Tais dados negativos se devem principalmente ao déficit de investimentos no setor. O Plano Nacional de Saneamento Básico (PLANSAB), editado em 2013, previa a universalização de acesso até 2033. O atingimento de tal meta demandaria investimentos de R$ 18 bilhões ao ano. Porém, em 2017 foram investidos apenas R$ 11 bilhões em saneamento, uma queda de quase 20% em relação ao patamar investido em 2013 (R$ 13 bilhões). Paradoxalmente, as regiões menos desenvolvidas receberam volume menor de investimento. No ritmo atual, a universalização seria alcançada apenas em 2050. Apesar de o setor possuir enorme potencial para atração de investimentos, a sua evolução passa pelo enfrentamento gradual de uma série de desafios jurídico-institucionais.
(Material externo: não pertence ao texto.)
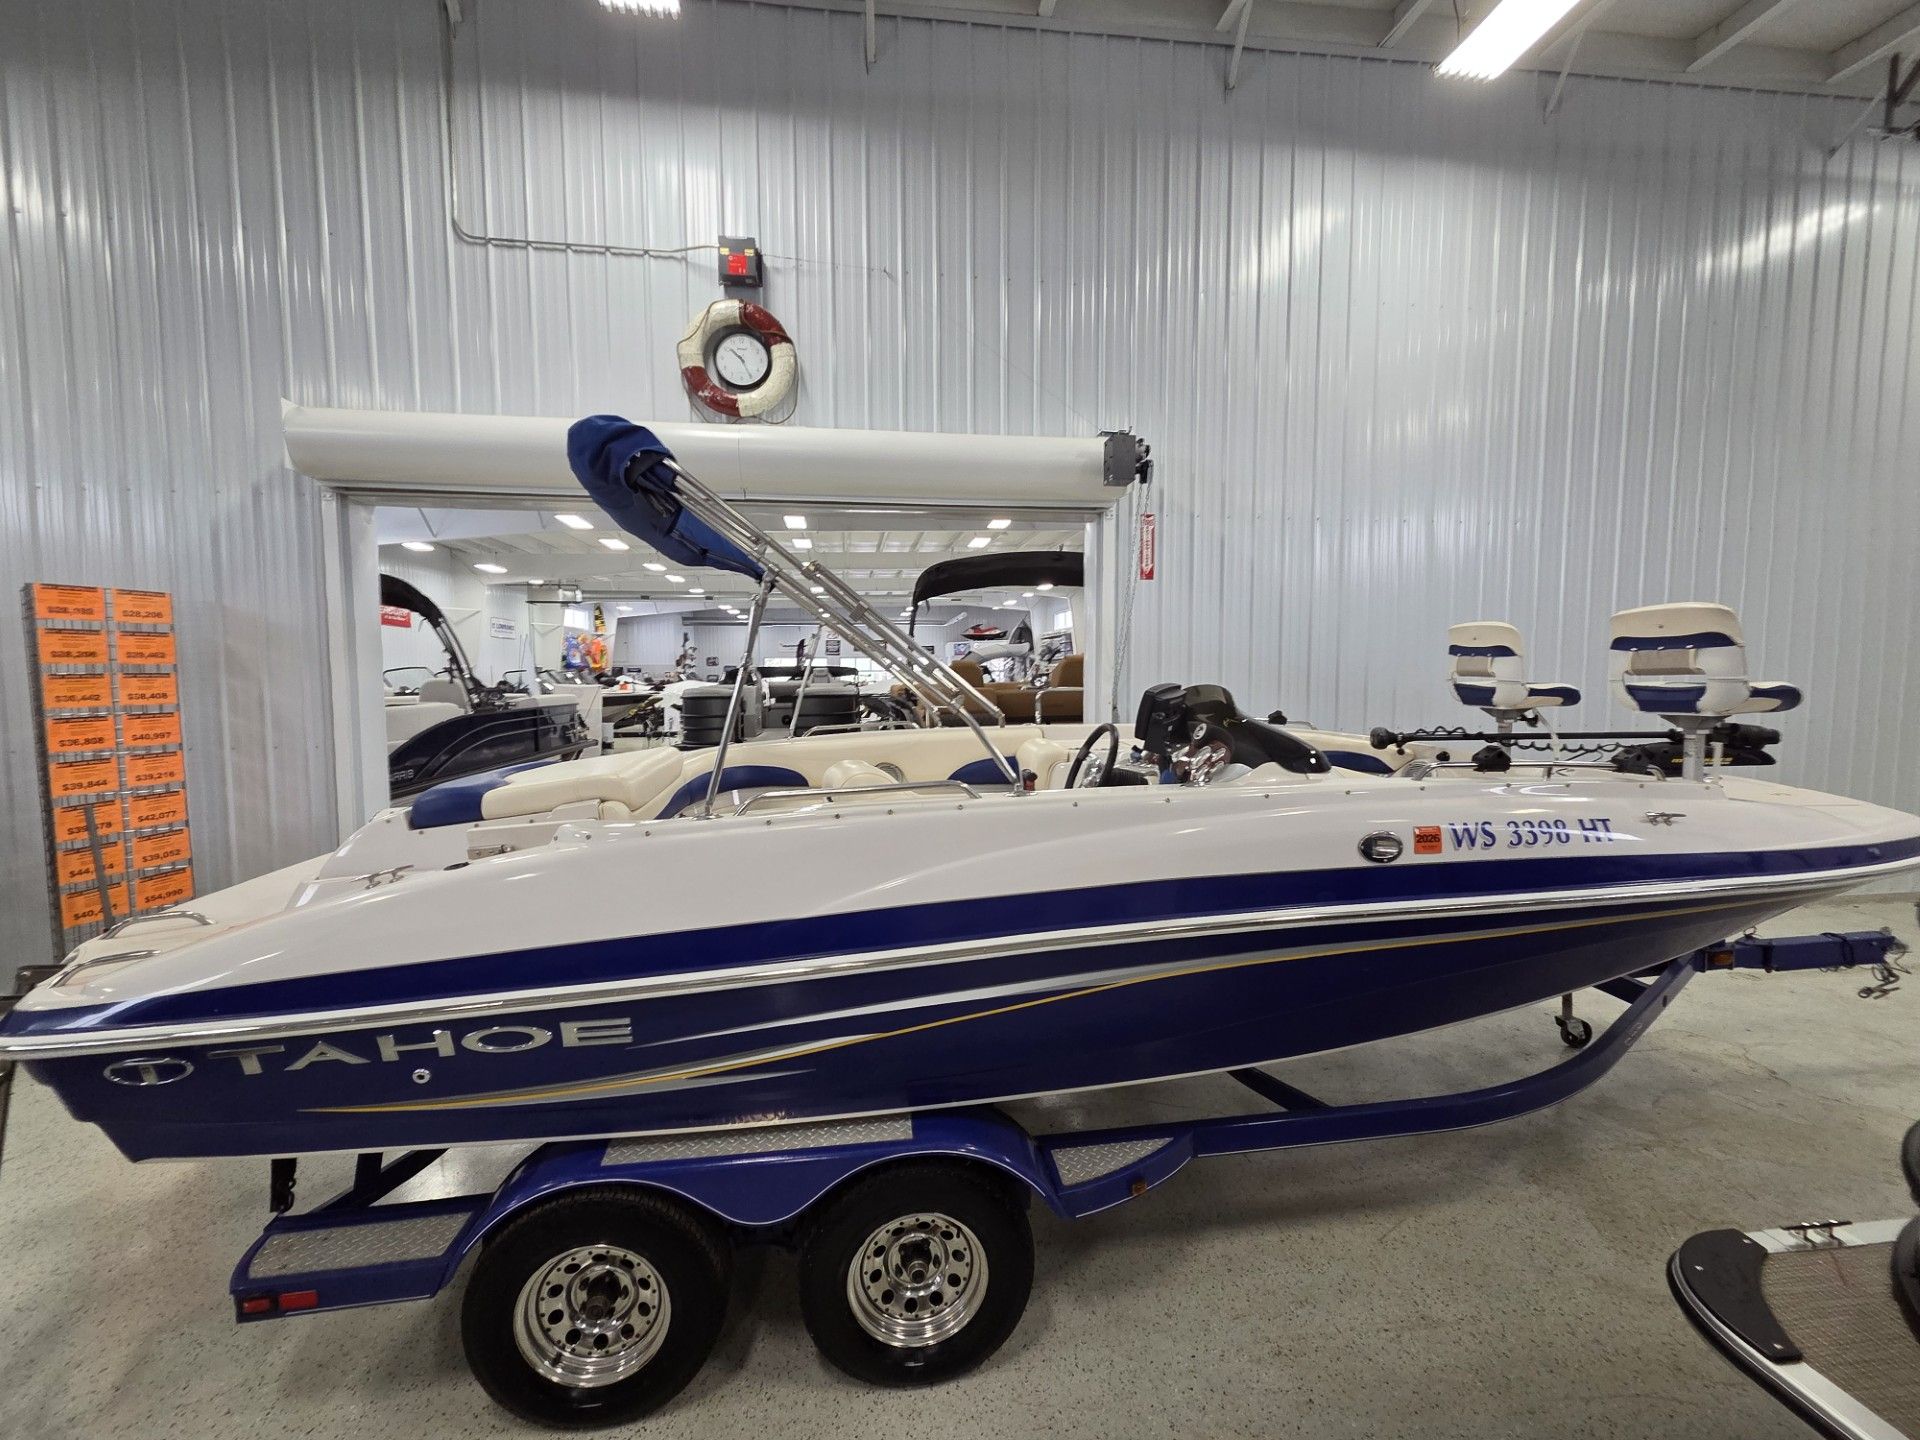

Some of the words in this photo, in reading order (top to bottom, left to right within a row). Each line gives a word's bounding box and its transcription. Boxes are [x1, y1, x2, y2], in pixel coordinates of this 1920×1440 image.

O esforço do Governo Federal para alavancar o saneamento teve início com a aprovação da Lei Federal nº 11.445, em 2007. Essa lei inovou ao disciplinar a prestação de serviços mediante gestão associada de entes federativos (por meio de convênios e consórcios públicos), prevendo ainda a prestação regionalizada por um mesmo operador. Outra contribuição importante da Lei 11.445 foi possibilitar que o titular delegasse tanto a prestação do serviço como a sua regulação e fiscalização, o que abriu espaço para criação de agências reguladoras estaduais como a ARSESP em São Paulo e a ARSAE em Minas Gerais. É igualmente visível o esforço normativo para impor o planejamento setorial - tanto que a elaboração de plano de saneamento foi elencada como condição de validade de contratos que tivessem por objeto a prestação de serviços de saneamento básico.

Em 2013, o Supremo Tribunal Federal colocou fim à controvérsia em torno da titularidade dos serviços de saneamento básico, tendo decidido em prol da competência municipal em decorrência do preponderante interesse local sobre tais serviços. No caso de regiões metropolitanas, fixou-se o dever de gestão compartilhada dos serviços pelo estado e respectivos municípios, de acordo com a estrutura de governança interfederativa definida em lei complementar estadual. Ainda que os conselhos deliberativos de regiões metropolitanas tenham se mostrado pouco efetivos até o momento - problema ilustrado pelas frequentes judicializações do tema -, o incentivo à gestão compartilhada de serviços foi um passo na direção correta.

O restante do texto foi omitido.